L’IMIP s.r.l., ha alle sue spalle una lunga tradizione artigianale, che risale al 1888, quando a Venafro vi erano circa 40 falegnami, tra cui Petrecca Carmine, nonno dei fondatori dell’azienda. Alla sua morte la tradizione di falegname fu continuata dal figlio Raffaele, in una piccola bottega situata in Via Porta Guglielmo.

All’epoca non vi erano grossi laboratori, né grande richiesta di lavoro, ed il lavoro dei falegnami consisteva nel saper fare tutto, dalla riparazione di una botte, alla costruzione di mobili intagliati, dalla riparazione di una porta, alla costruzione della stessa, ecc.

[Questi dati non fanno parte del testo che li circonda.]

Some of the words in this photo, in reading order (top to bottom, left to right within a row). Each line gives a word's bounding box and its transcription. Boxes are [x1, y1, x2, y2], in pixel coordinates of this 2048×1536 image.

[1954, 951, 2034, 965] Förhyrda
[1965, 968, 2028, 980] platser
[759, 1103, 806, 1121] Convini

Tutto veniva eseguito con piccoli attrezzi: pialletto, sega, scalpelli, sgorbia e tanti altri. I genitori tenevano molto alla continuità del loro mestiere, infatti il primogenito dei maschi Petrecca, Carmine, lavorava in un piccolo locale in Via Garibaldi avendo come discepoli i fratelli più piccoli.
Nel frattempo, siamo intorno agli anni ’50, stava cambiando anche il modo di lavorare, pertanto si installò la prima pialla elettrica a quattro lavorazioni (Pialla, Spessore, Bucatrice, Toupi). Nei primi anni ’60 la lavorazione, il modo di lavorare e l’esigenza dei clienti cambiarono.

Infatti, venne introdotta la meccanizzazione anche all’interno delle falegnamerie, per cui l’artigiano iniziò a non lavorare più solo ed esclusivamente con gli strumenti che aveva a disposizione e quindi manualmente, ma si affacciò alla produzione industriale e dunque all’utilizzo dei macchinari.
Lo spazio a disposizione, dunque, diventò insufficiente, mentre la voglia di crescere era tanta: pertanto si costruì un nuovo laboratorio di circa 200 mq, denominato “Mobilificio Fratelli Petrecca”, dove si iniziò la lavorazione in serie di mobili e infissi.

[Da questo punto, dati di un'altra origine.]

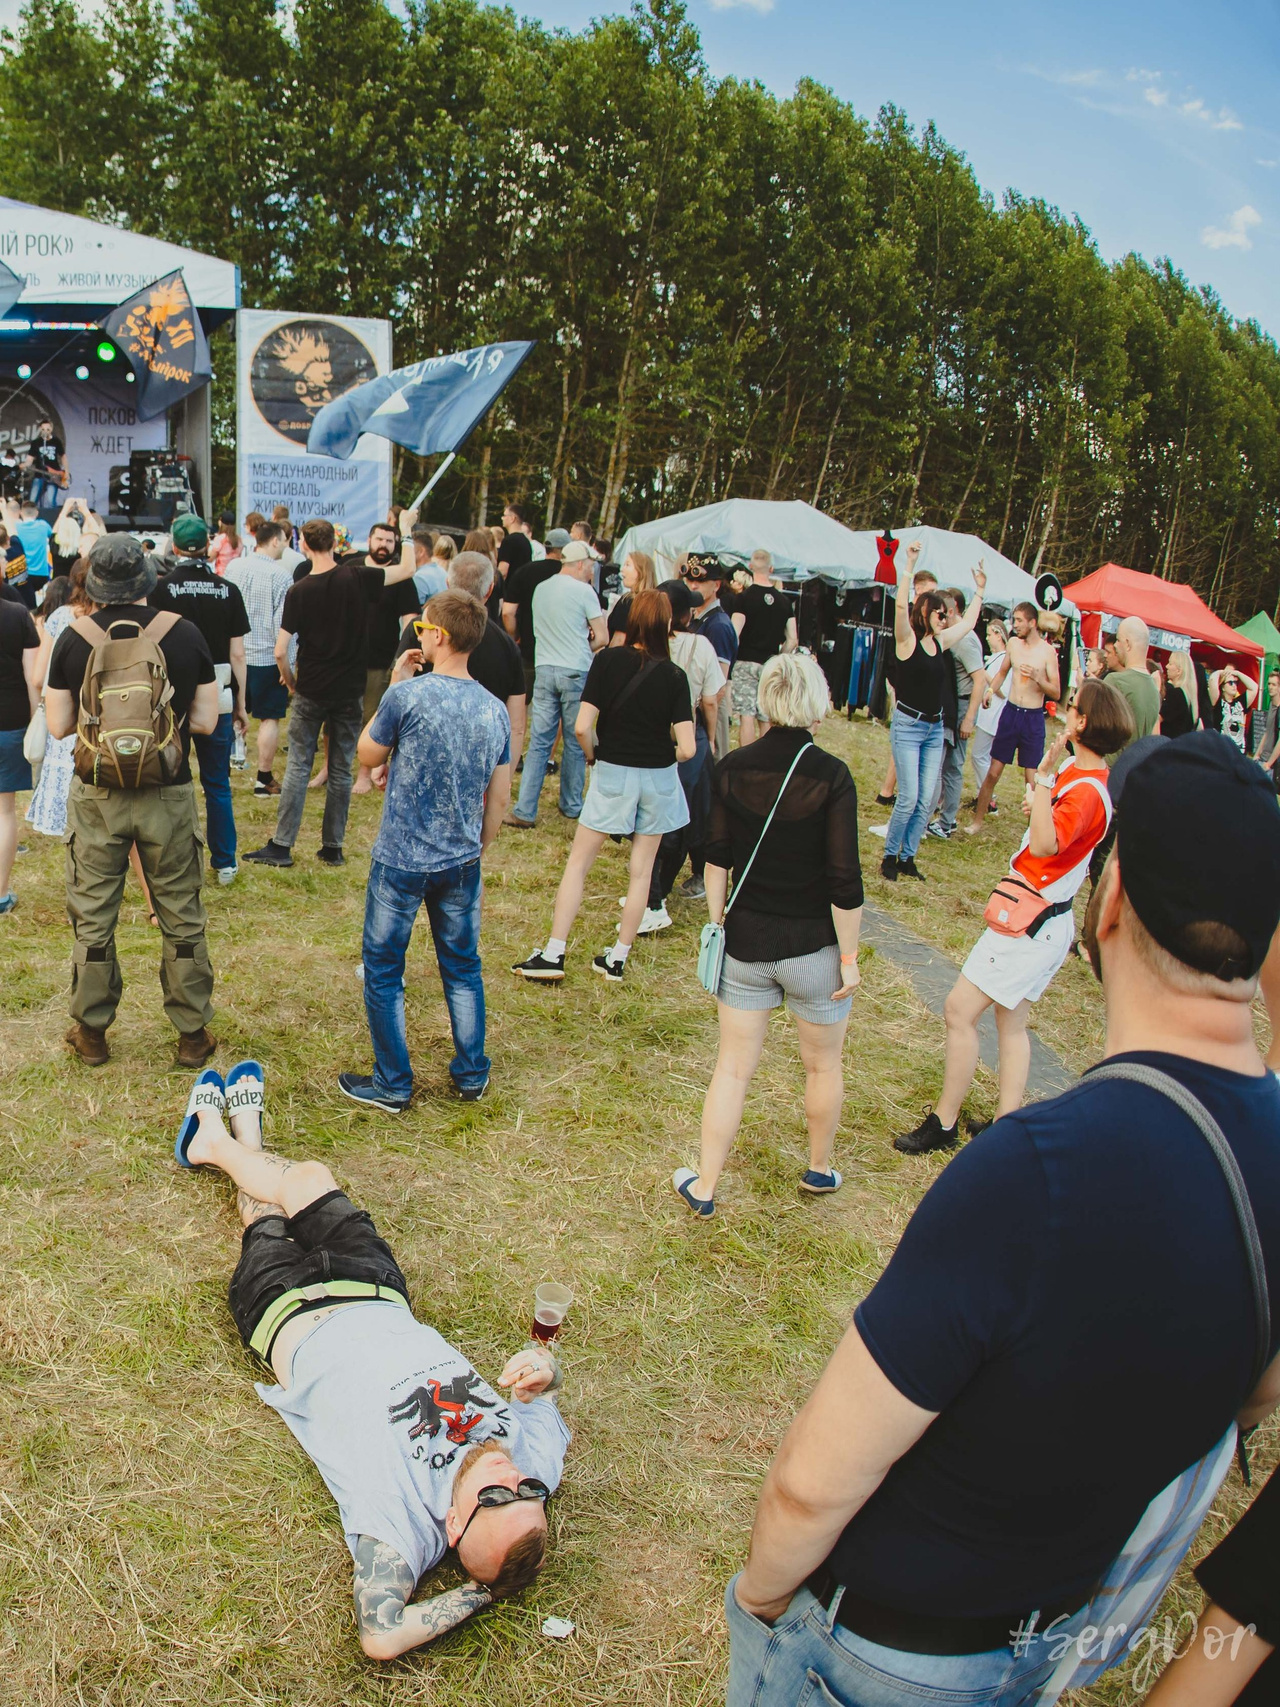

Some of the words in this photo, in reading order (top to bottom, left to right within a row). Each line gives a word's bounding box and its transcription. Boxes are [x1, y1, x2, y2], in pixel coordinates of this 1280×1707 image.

Nel 1965, i tre fratelli fecero nuovi programmi e realizzarono il secondo e il terzo piano del laboratorio, entrambi adibiti alla lavorazione.
Col passare degli anni l’attività si ingrandì, e nel 1969 si costruì un piccolo capannone (il primo a Venafro) di 1100 mq, sulla strada statale 85 (attuale sede) e furono assunti 10 operai.
Quindi, la localizzazione produttiva dell’IMIP non è legata a scelte strategiche, ma solamente al legame che i fondatori avevano, ed hanno tuttora, con la propria terra di origine.
Fu in questi anni che l’azienda abbandonò la produzione di mobili per dedicarsi esclusivamente alla realizzazione di infissi per interni ed esterni.

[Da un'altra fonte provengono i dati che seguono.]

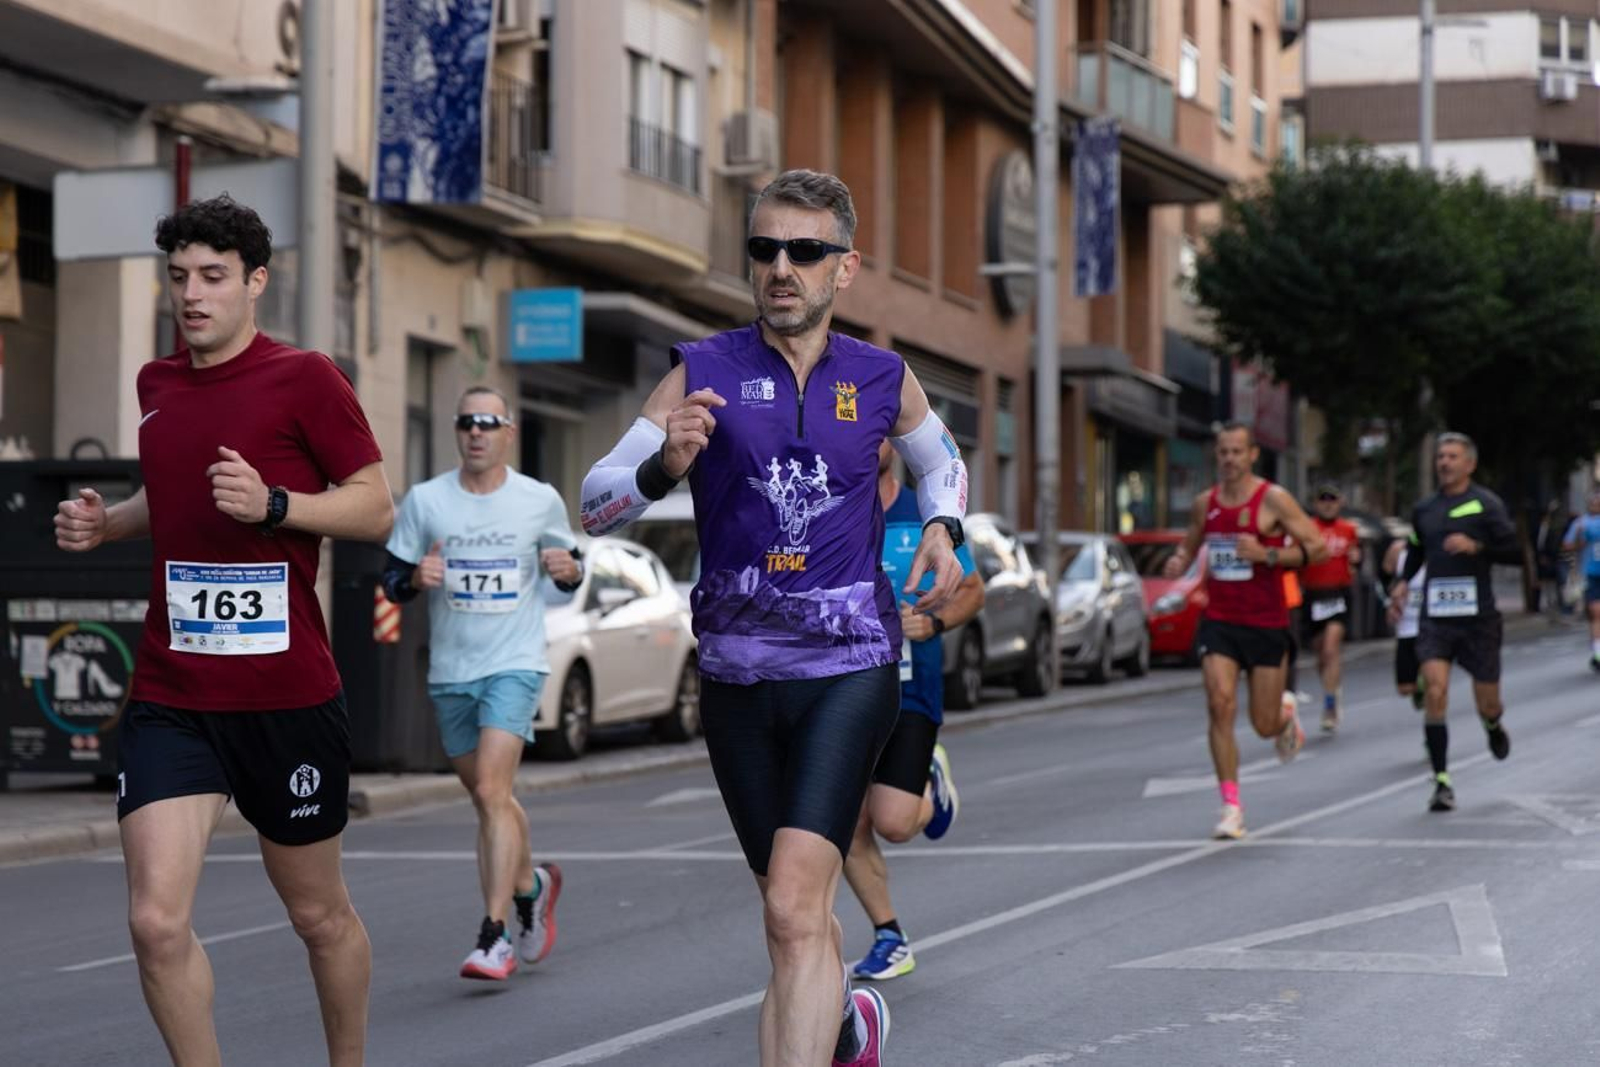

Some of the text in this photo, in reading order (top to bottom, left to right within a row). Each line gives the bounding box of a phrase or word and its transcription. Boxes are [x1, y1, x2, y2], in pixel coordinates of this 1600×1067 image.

[741, 391, 764, 400] MAR
[767, 553, 806, 573] TRAIL
[460, 573, 503, 592] 171
[191, 589, 263, 620] 163
[212, 623, 238, 631] JAVIER
[290, 804, 321, 819] vive

Fu questa una scelta legata alla necessità di operare una specializzazione produttiva, che comportò quindi l’abbandono della produzione di mobili.
Nel 1972 i tre fratelli Carmine, Nicandro e Piero fondarono l’IMIP s.n.c., “ Industria Mobili Infissi Petrecca”. Nel 1975 poi, l’esigenza di dedicarsi alla produzione di un solo prodotto, nell’ottica della specializzazione produttiva, portò alla decisione di abbandonare la produzione di infissi per esterno per rivolgersi esclusivamente al mercato degli infissi per interni.

Le successive tappe dello sviluppo dell’ IMIP possono essere ripercorse, facendo riferimento a quelli che sono stati gli ampliamenti del capannone iniziale, avvenuti nel corso degli anni.
Infatti, l’evoluzione dell’IMIP nel corso degli anni ha portato all’esigenza di effettuare ulteriori ampliamenti del capannone, per acquistare nuovi macchinari completi di automazione, e quindi rispecchiare le esigenze di crescita e miglioramento produttivo, fino ad arrivare a quella che è l’attuale configurazione.